Defining a rollout strategy for Azure Kubernetes Fleet Manager cluster resource placement

During the lifetime of a cluster resource placement (CRP), changes may be made to the CRP which can result in one of the following scenarios:

  • New workloads may need to be placed on all picked clusters
  • Workloads already placed on a picked cluster may get updated or deleted
  • Some clusters picked previously are now unpicked, and workloads must be removed from such clusters
  • Some clusters are newly picked, and workloads must be added to them.

Most scenarios can lead to service interruptions as workloads running on member clusters may temporarily become unavailable as Fleet Manager dispatches updated resources. Clusters that are no longer selected lose all placed resources, resulting in lost traffic. If too many new clusters are selected and Fleet Manager places resources on them simultaneously, clusters may become overloaded. The exact interruption pattern may vary depending on the resources placed.

To minimize interruption, Fleet Manager's cluster resource placement allows users to configure a rollout strategy, similar to native Kubernetes deployment, to transition between changes as smoothly as possible.

In this article, we cover the rollout strategy options available for cluster resource placement.

Note

If you aren't already familiar with Fleet Manager's cluster resource placement (CRP), read the conceptual overview of resource placement before reading this article.

Default behavior with no explicit strategy

Cluster resource placements don't require you to define a rollout strategy. If you don't specify one, the default behavior is to use a RollingUpdate strategy with a maxSurge of 25%, maxUnavailable of 25%, and unavailablePeriodSeconds of 10 seconds.

Rolling update strategy

An explicit rolling update strategy can be used by adding a strategy specification to a CRP as shown. You can define parameters which control how disruptive the Fleet Manager resource placement is.

apiVersion: placement.kubernetes-fleet.io/v1
kind: ClusterResourcePlacement
metadata:
  name: crp-example
spec:
  resourceSelectors:
    - group: ""
      kind: Namespace
      name: test-namespace
      version: v1
  policy:
    placementType: PickN
    numberOfClusters: 2
    affinity:
      clusterAffinity:
        requiredDuringSchedulingIgnoredDuringExecution:
          clusterSelectorTerms:
            - labelSelector:
                matchLabels:
                  fleet.azure.com/location: chinanorth3
  strategy:
    type: RollingUpdate
    rollingUpdate:
      maxUnavailable: 1
      maxSurge: 50%

Rolling update strategies can be configured with the following parameters:

  • maxUnavailable: considers a cluster as unavailable if resources haven't been successfully applied to the cluster and makes sure that at any time, there are at least (N - maxUnavailable) number of clusters available. You can set as an absolute number or a percentage. The default is 25% and zero shouldn't be used. Setting this parameter to a lower value results in less interruption during a change but lead to slower rollouts.
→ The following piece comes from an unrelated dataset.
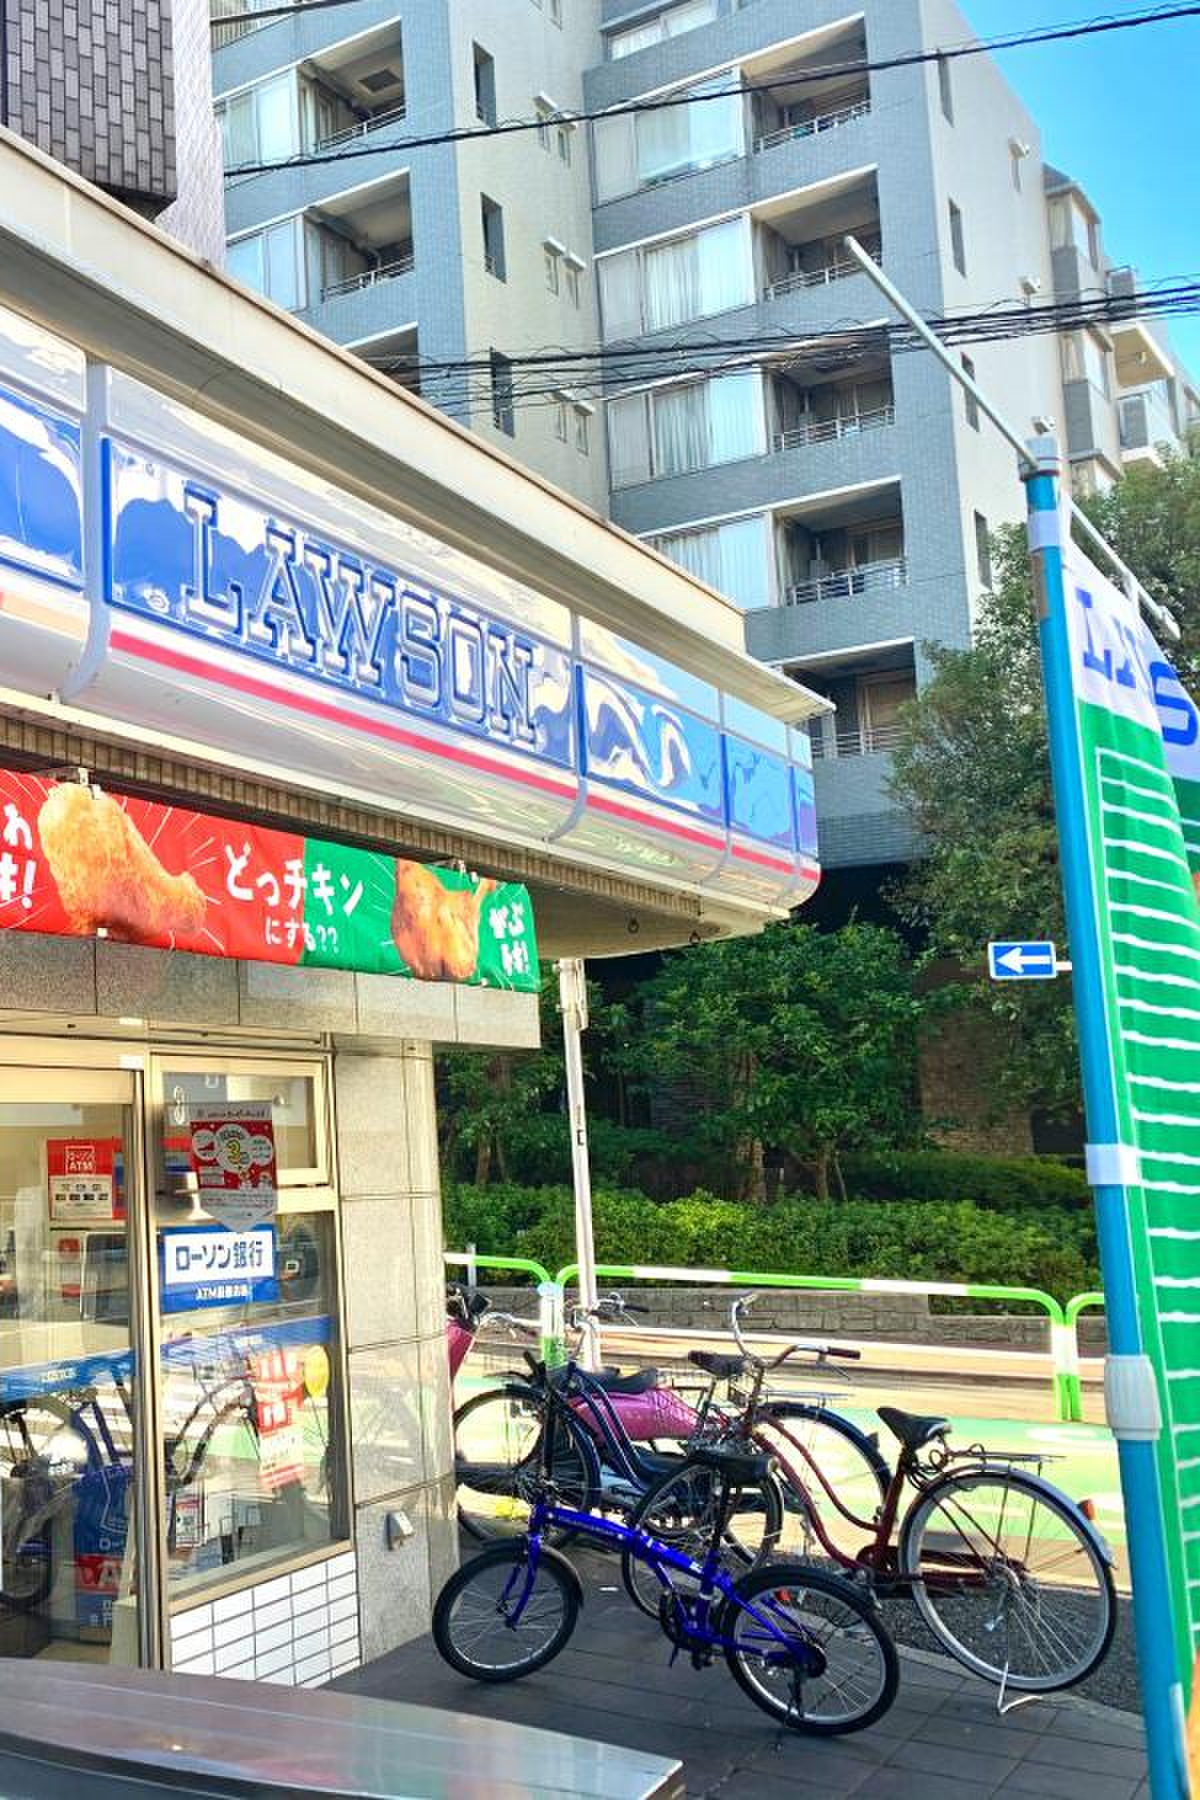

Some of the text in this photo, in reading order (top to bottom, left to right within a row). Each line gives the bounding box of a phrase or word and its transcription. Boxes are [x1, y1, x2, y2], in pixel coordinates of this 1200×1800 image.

  • maxSurge: ensures that at any time, there are at most (N + maxSurge) number of clusters available. You can set as an absolute number or a percentage. The default is 25% and zero shouldn't be used. Setting this parameter to a lower value results in fewer resource placements on more clusters by Fleet Manager, which slows down the rollout process.

  • unavailablePeriodSeconds allows you to define a time period before resources should be assessed as "ready". The default value is 60 seconds. Fleet Manager only considers newly applied resources on a cluster as "ready" unavailablePeriodSeconds seconds after the resources are successfully applied to that cluster. Setting a lower value for this parameter results in faster rollouts. However, we strongly recommend that users set a value that allows the initialization/preparation tasks to be completed.

How cluster count is determined

Fleet Manager uses the placement type to determine the baseline number of clusters (N) to use when calculating maxUnavailable or maxSurge:

  • PickFixed: the number of clusterNames specified
  • PickAll: the number of clusters picked
  • PickN: the numberOfClusters value.

If you use a percentage for the parameter, it's calculated against N as well.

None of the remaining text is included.